● **Task goal**
Every record should be written out again in full, with no character altered.
Available data START
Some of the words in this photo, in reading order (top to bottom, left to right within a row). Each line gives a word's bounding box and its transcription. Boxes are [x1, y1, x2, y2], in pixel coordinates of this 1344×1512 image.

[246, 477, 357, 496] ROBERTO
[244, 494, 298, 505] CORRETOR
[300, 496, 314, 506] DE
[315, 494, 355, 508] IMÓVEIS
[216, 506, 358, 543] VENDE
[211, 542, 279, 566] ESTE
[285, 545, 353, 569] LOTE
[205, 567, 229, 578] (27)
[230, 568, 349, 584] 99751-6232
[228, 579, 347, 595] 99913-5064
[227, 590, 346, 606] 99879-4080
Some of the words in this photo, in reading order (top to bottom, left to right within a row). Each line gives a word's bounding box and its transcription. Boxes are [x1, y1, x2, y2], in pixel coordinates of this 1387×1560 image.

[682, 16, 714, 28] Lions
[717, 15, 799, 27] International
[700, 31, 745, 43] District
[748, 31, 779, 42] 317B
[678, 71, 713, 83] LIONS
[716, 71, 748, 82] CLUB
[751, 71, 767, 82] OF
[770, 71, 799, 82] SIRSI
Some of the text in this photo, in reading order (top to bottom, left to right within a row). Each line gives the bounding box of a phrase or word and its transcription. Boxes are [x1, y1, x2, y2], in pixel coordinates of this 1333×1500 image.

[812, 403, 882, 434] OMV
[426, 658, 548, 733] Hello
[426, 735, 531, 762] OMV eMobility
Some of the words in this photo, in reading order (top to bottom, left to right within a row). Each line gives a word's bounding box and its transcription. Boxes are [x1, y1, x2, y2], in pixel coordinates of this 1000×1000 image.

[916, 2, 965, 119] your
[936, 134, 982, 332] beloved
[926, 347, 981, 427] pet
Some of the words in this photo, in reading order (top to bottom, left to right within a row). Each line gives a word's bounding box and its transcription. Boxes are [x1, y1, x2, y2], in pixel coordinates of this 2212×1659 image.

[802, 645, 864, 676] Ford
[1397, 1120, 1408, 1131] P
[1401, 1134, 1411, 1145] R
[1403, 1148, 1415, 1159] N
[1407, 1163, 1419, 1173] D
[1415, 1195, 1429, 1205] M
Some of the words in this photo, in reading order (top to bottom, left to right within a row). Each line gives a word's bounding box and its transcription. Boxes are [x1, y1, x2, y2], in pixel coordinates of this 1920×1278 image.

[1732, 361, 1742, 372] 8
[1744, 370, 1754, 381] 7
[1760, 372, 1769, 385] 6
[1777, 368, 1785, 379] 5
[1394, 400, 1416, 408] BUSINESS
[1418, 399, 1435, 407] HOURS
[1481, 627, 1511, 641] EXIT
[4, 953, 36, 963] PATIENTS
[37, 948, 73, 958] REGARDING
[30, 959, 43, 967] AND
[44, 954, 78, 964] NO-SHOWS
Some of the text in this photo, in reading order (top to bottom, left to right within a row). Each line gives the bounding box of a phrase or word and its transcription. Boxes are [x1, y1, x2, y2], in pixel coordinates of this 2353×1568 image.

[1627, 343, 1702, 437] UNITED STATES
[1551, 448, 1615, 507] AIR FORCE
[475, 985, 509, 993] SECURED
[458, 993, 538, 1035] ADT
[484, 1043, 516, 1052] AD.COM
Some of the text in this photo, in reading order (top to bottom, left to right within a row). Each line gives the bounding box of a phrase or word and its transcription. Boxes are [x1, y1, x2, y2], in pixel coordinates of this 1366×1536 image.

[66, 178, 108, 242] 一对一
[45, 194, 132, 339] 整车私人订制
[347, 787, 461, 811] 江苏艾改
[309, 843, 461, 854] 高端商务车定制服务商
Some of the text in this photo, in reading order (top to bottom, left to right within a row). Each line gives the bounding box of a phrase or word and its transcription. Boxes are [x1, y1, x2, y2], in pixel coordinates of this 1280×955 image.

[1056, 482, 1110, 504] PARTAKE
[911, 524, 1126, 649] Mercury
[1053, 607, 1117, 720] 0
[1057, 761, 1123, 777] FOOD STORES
Available data END
● **Exercise solution**
Some of the words in this photo, in reading order (top to bottom, left to right within a row). Each line gives a word's bounding box and its transcription. Boxes are [x1, y1, x2, y2], in pixel coordinates of this 1344×1512 image.

[246, 477, 357, 496] ROBERTO
[244, 494, 298, 505] CORRETOR
[300, 496, 314, 506] DE
[315, 494, 355, 508] IMÓVEIS
[216, 506, 358, 543] VENDE
[211, 542, 279, 566] ESTE
[285, 545, 353, 569] LOTE
[205, 567, 229, 578] (27)
[230, 568, 349, 584] 99751-6232
[228, 579, 347, 595] 99913-5064
[227, 590, 346, 606] 99879-4080
Some of the words in this photo, in reading order (top to bottom, left to right within a row). Each line gives a word's bounding box and its transcription. Boxes are [x1, y1, x2, y2], in pixel coordinates of this 1387×1560 image.

[682, 16, 714, 28] Lions
[717, 15, 799, 27] International
[700, 31, 745, 43] District
[748, 31, 779, 42] 317B
[678, 71, 713, 83] LIONS
[716, 71, 748, 82] CLUB
[751, 71, 767, 82] OF
[770, 71, 799, 82] SIRSI
Some of the text in this photo, in reading order (top to bottom, left to right within a row). Each line gives the bounding box of a phrase or word and its transcription. Boxes are [x1, y1, x2, y2], in pixel coordinates of this 1333×1500 image.

[812, 403, 882, 434] OMV
[426, 658, 548, 733] Hello
[426, 735, 531, 762] OMV eMobility
Some of the words in this photo, in reading order (top to bottom, left to right within a row). Each line gives a word's bounding box and its transcription. Boxes are [x1, y1, x2, y2], in pixel coordinates of this 1000×1000 image.

[916, 2, 965, 119] your
[936, 134, 982, 332] beloved
[926, 347, 981, 427] pet
Some of the words in this photo, in reading order (top to bottom, left to right within a row). Each line gives a word's bounding box and its transcription. Boxes are [x1, y1, x2, y2], in pixel coordinates of this 2212×1659 image.

[802, 645, 864, 676] Ford
[1397, 1120, 1408, 1131] P
[1401, 1134, 1411, 1145] R
[1403, 1148, 1415, 1159] N
[1407, 1163, 1419, 1173] D
[1415, 1195, 1429, 1205] M
Some of the words in this photo, in reading order (top to bottom, left to right within a row). Each line gives a word's bounding box and its transcription. Boxes are [x1, y1, x2, y2], in pixel coordinates of this 1920×1278 image.

[1732, 361, 1742, 372] 8
[1744, 370, 1754, 381] 7
[1760, 372, 1769, 385] 6
[1777, 368, 1785, 379] 5
[1394, 400, 1416, 408] BUSINESS
[1418, 399, 1435, 407] HOURS
[1481, 627, 1511, 641] EXIT
[4, 953, 36, 963] PATIENTS
[37, 948, 73, 958] REGARDING
[30, 959, 43, 967] AND
[44, 954, 78, 964] NO-SHOWS
Some of the text in this photo, in reading order (top to bottom, left to right within a row). Each line gives the bounding box of a phrase or word and its transcription. Boxes are [x1, y1, x2, y2], in pixel coordinates of this 2353×1568 image.

[1627, 343, 1702, 437] UNITED STATES
[1551, 448, 1615, 507] AIR FORCE
[475, 985, 509, 993] SECURED
[458, 993, 538, 1035] ADT
[484, 1043, 516, 1052] AD.COM
Some of the text in this photo, in reading order (top to bottom, left to right within a row). Each line gives the bounding box of a phrase or word and its transcription. Boxes are [x1, y1, x2, y2], in pixel coordinates of this 1366×1536 image.

[66, 178, 108, 242] 一对一
[45, 194, 132, 339] 整车私人订制
[347, 787, 461, 811] 江苏艾改
[309, 843, 461, 854] 高端商务车定制服务商
Some of the text in this photo, in reading order (top to bottom, left to right within a row). Each line gives the bounding box of a phrase or word and its transcription. Boxes are [x1, y1, x2, y2], in pixel coordinates of this 1280×955 image.

[1056, 482, 1110, 504] PARTAKE
[911, 524, 1126, 649] Mercury
[1053, 607, 1117, 720] 0
[1057, 761, 1123, 777] FOOD STORES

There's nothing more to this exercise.